3. Pay attention to how your lender calculates the amount of money to be paid out
Choose a lender that bases the loan amount on realistically expected project costs. Banks often lend alternative values in use, a very inaccurate comparison metric that drastically undervalues the property. Because cannabis is illegal federally, banks do not justify actual use of the property, even if they extend a loan on it. They’ll compare it to something that isn’t, like a mall or machine shop, when properties that use cannabis generate 10 to 15 times more monthly revenue than these non-cannabis tenants. And the banks don’t account for contractor costs or equipment costs, which can be particularly high for marijuana-related properties.
You want a lender who:
- Has extensive experience financing specifically marijuana-related real estate
- Understands the intricacies of individual markets and the true value of these properties,
- Understands the true cost of what it takes to get operations up and running.

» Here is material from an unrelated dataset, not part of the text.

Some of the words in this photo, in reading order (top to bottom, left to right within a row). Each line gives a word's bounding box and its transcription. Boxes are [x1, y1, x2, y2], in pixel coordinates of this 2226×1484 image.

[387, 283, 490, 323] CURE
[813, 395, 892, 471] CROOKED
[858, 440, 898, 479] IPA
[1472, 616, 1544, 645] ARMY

Banks are subject to particularly strict controls. This prevents them from making the larger loans that companies that specialize in lending to marijuana-related businesses are able to. With banks and traditional lenders, a borrower has to bring in much more equity than debt, which brings me to my next point:
4. Be strategic about your debt to equity ratio
You want to find a good balance between debt and equity. All transactions require at least some equity, and you need to put up money upfront to get a refund of the amount you’ve drawn.
In order to reduce the amount of equity you need to get in to reach the finish line. Equities are currently performing poorly across the board and we could be headed for a recession. So it’s not a good time to sell a lot of equity to fund your project, at least if you’re confident that stock prices will pick up again. Don’t bet against your future success.

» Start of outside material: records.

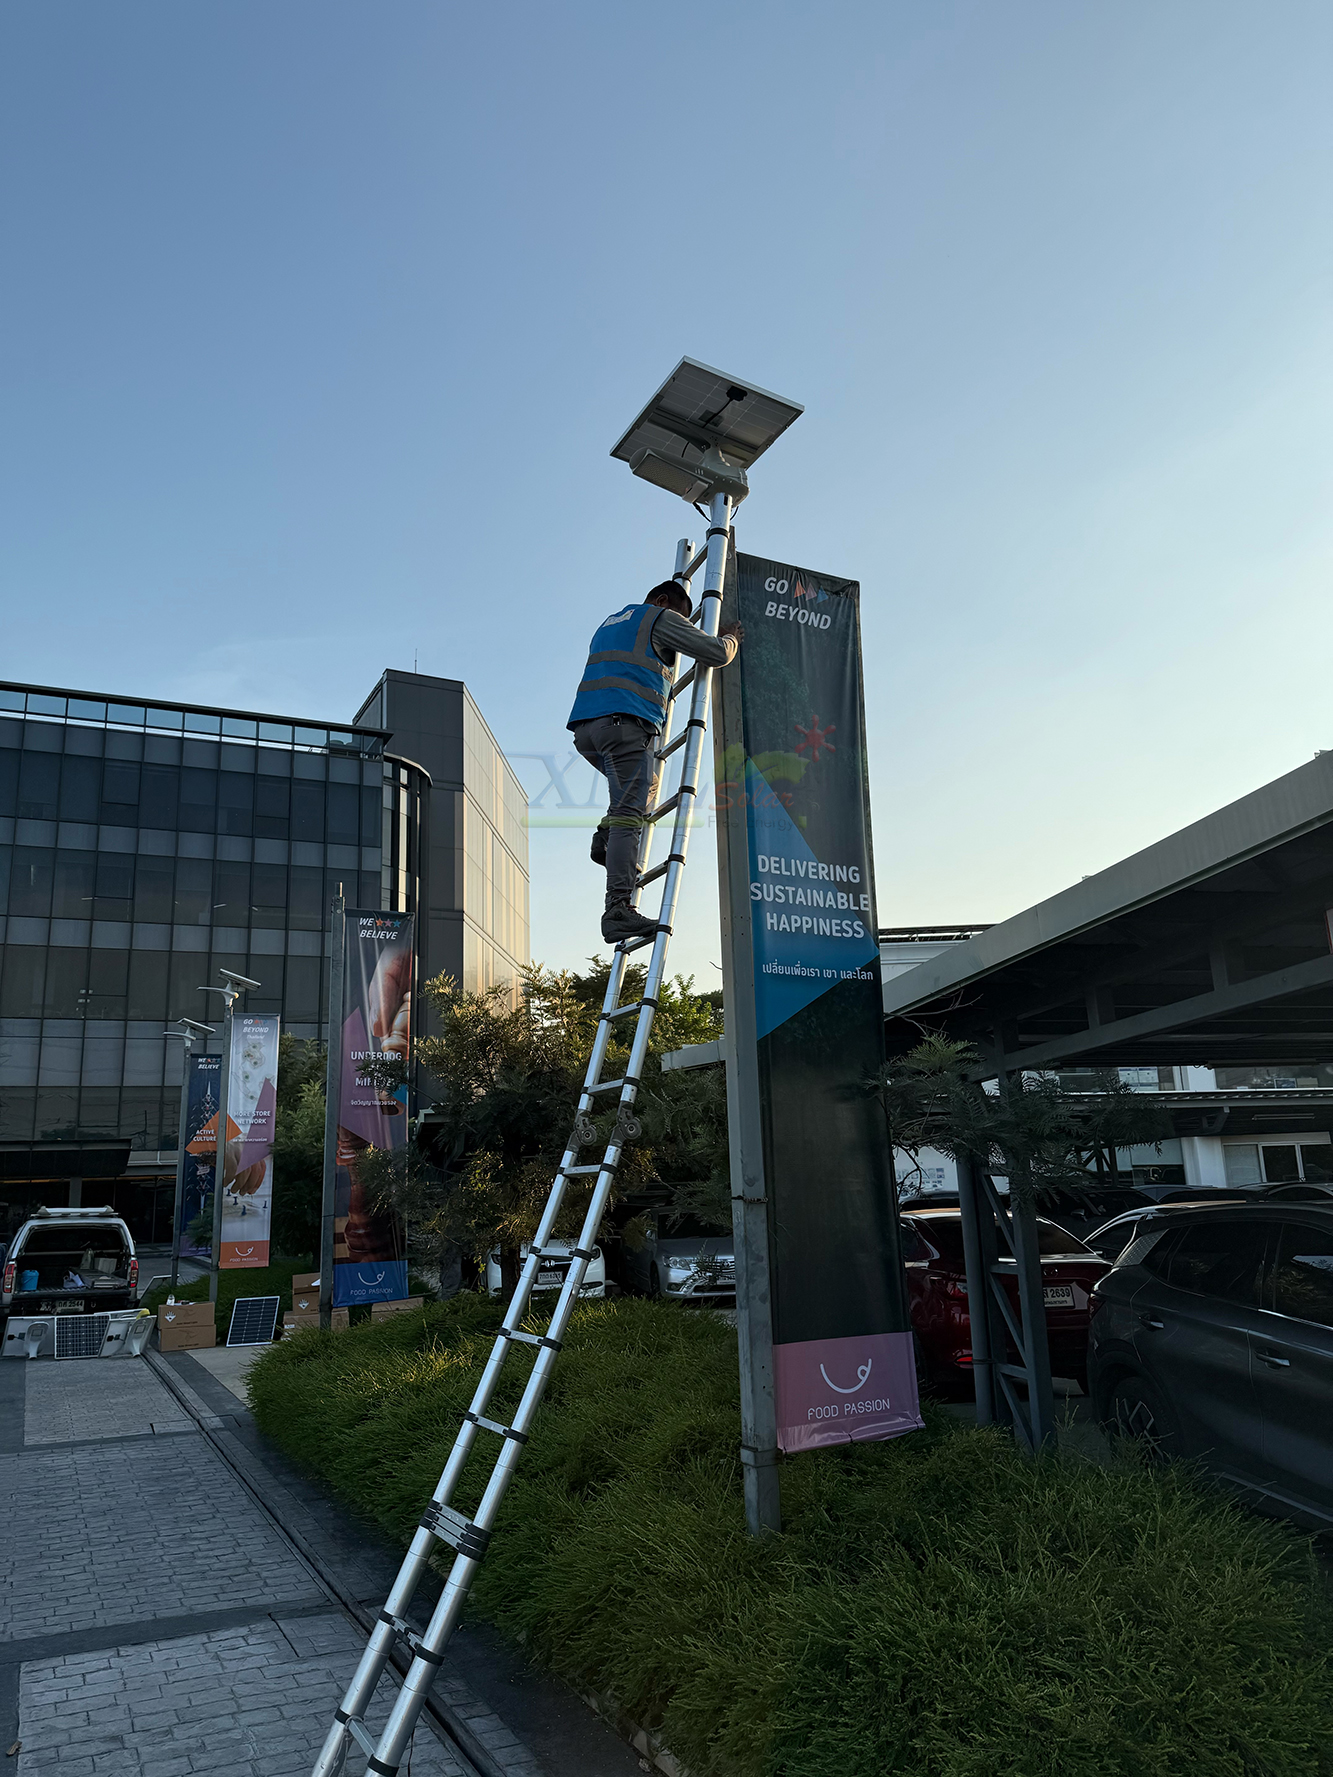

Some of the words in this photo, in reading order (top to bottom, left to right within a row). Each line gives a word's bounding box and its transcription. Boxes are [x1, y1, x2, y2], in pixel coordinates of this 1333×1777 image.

[764, 576, 789, 594] GO
[764, 601, 832, 630] BEYOND
[757, 854, 861, 883] DELIVERING
[750, 882, 870, 911] SUSTAINABLE
[359, 917, 374, 926] WE
[766, 912, 865, 939] HAPPINESS
[359, 929, 398, 940] BELIEVE
[762, 958, 820, 978] เปลี่ยนเพื่อเรา
[823, 967, 838, 978] เขา
[840, 966, 874, 980] และโลก
[350, 1051, 403, 1061] UNDERDOG
[350, 1288, 367, 1296] FOOD
[1049, 1288, 1070, 1298] 2639
[807, 1405, 839, 1420] FOOD
[844, 1398, 891, 1415] PASSION

Again, while companies that specialize in lending to marijuana businesses offer relatively expensive credit compared to traditional debt, you have to look at the bigger picture. A company that understands the true cost and value of these ventures tends to lend more money and more frequently, reducing the amount of equity borrowers have to sell and resulting in permanent loss of ownership of the company. Not only do they help you get there faster to generate revenue, but they also set you up for long-term success so you don’t lose stake in your business.
5. Before speaking to a lender, do your homework and know what you want to do
Don’t just walk up to a lender and say, “ I want to take out a loan.” You have to know what you’re asking for.
Do you mean an acquisition? A refinance? What is the address of the property? Is there a purchase price? What is the budget? What use should the property have? Who will be the borrower? Who will be the guarantor? Who becomes a tenant? What will the leasing rate be? These are the things lenders need to know.
Understand your project and present it to a lender in a way that is easy to ascertain. Lenders look at dozens of offers each week and receive transactions from experienced borrowers, who always end up in a loan request. We don’t have the time to keep asking you about things.
Prospective borrowers must at least provide a high-level summary and they should do a little research on the lender. We cannot take the time to educate them about what we do if they have not even bothered to read our website. We certainly don’t expect you to be an expert, but we hope you do some homework.